The Red Queen’s Triathalon

In the morning, after breakfast, A.B. approached Gershon Thales, who stood apart near the trundlebug. Already the sun thundered down its oppressive cargo of photons, so necessary for the survival of the Reboot Cities, yet, conversely, just one more burden for the overstressed Greenhouse ecosphere. Feeling irritable and impatient, anxious to be back home, A.B. dispensed with pleasantries.

“I’ve tried vibbing your pocket lab for the results, but you’ve got it offline, behind that pirate software you’re running. Open up, now.”

The keek stared at A.B. with mournful stolidity. “One minute, I need something from my pod.”

Thales ducked into his tent. A.B. turned to Tigerishka. “What do you make—”

Blinding light shattered A.B.’s vision for a millisecond in a painful nova, before his MEMS contacts could react protectively by going opaque. Tigerishka vented a stifled yelp of surprise and shock, showing she had gotten the same actinic eyekick.

A.B. immediately thought of vib malfunction, some misdirected feed from a solar observatory, say. But then, as his lenses de-opaqued, he realized the stimulus had to have been external.

When he could see again, he confronted Gershon Thales holding a pain gun whose wide bell muzzle covered both of the keek’s fellow Power Jocks. At the feet of the keek rested an exploded spaser grenade.

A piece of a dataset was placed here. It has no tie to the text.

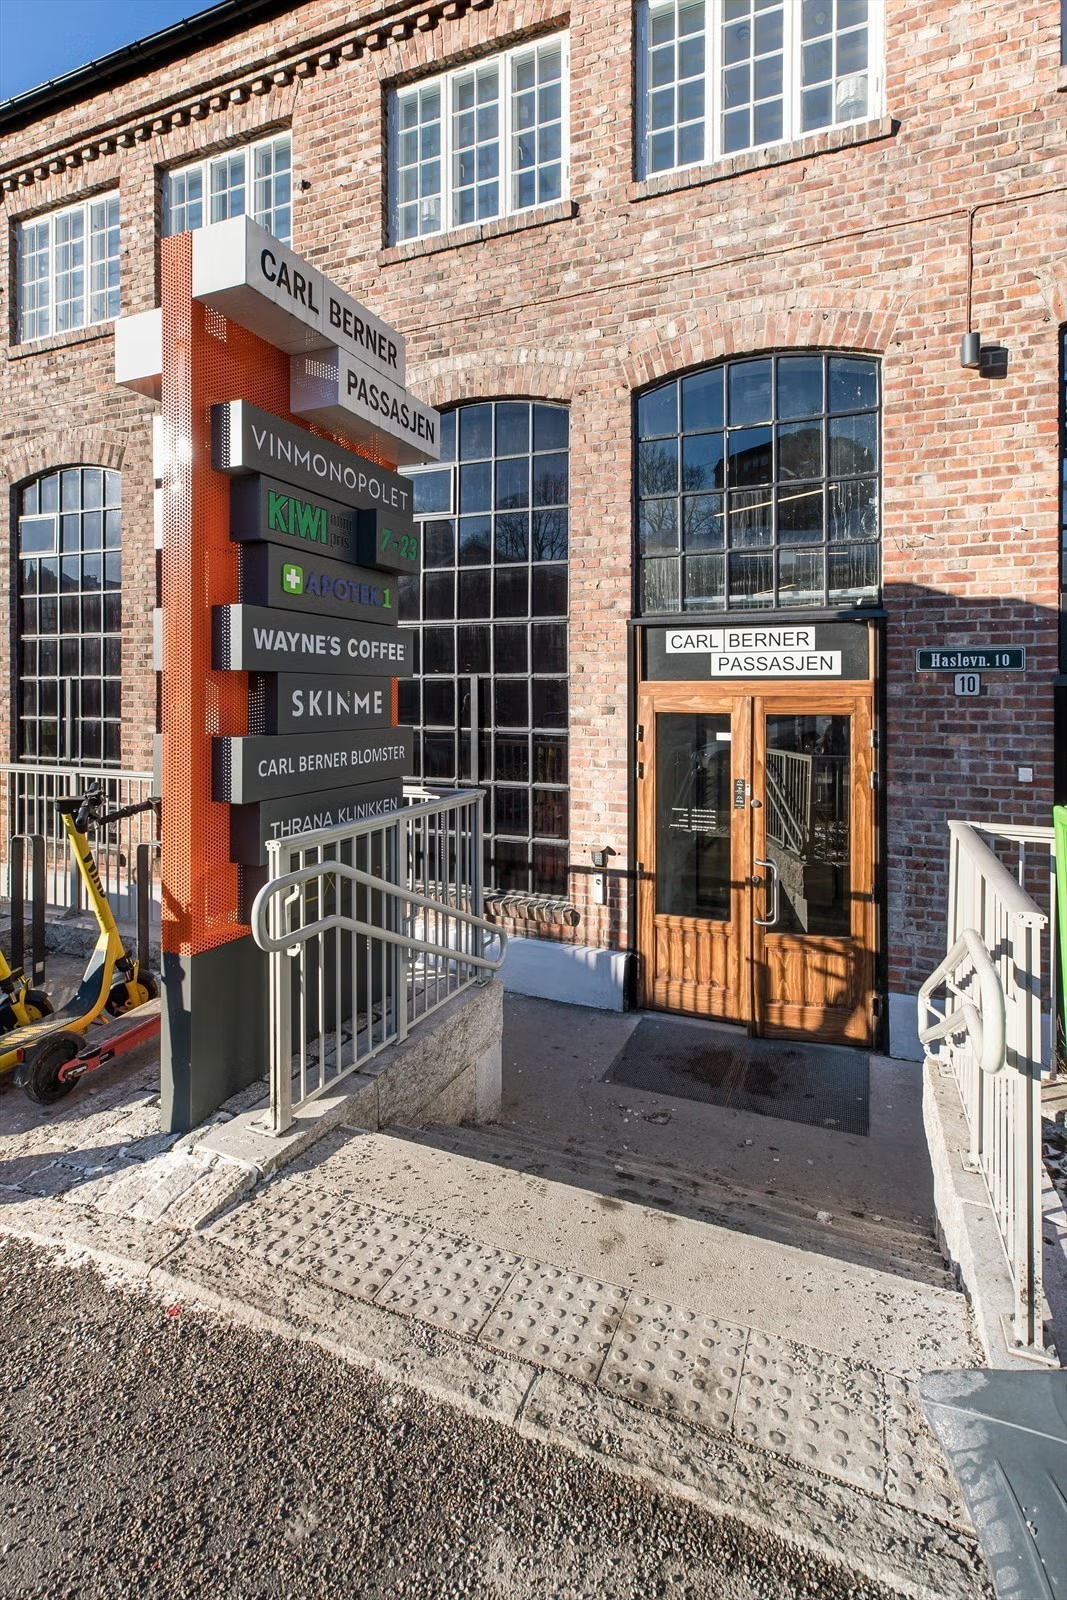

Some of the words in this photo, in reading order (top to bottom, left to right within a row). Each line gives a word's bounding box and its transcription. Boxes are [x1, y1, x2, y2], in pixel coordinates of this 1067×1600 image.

A.B. tried to vib, but got nowhere.

“Yes,” Thales said, “we’re in a dead zone now. I fried all the optical circuits of the vib nodes with the grenade.”

A large enough burst of surface plasmons could do that? Who knew? “But why?”

With his free hand, keeping the pain gun unwavering, Thales reached into a plugsuit pocket and took out his lab. “These results. They’re only the divine sign we’ve been waiting for. Reboot civilization is on the way out now. I couldn’t let anyone in the PAC find out. The longer they stay in the dark, the more irreversible the changes will be.”

“You’re claiming this creeping crud is that dangerous?”

“Did you ever hear of ADRECS?”

A.B. instinctively tried to vib for the info and hit the blank frustrating walls of the newly created dead zone. Trapped in the twentieth century! Recreationist passions only went so far. Where was the panopticon when you needed it!?!

“Aerially Delivered Re-forestation and Erosion Control System,” continued Thales. “A package of geoengineering schemes meant to stabilize the spread of deserts. Abandoned decades ago. But apparently, one scheme’s come alive again on its own. Mutant instruction drift is my best guess. Or Darwin’s invisible hand.”

“What’s come alive then?”

“Nanosand. Meant to catalyze the formation of macroscale walls that would block the flow of normal sands.”

“And that’s the stuff afflicting the solar cells?”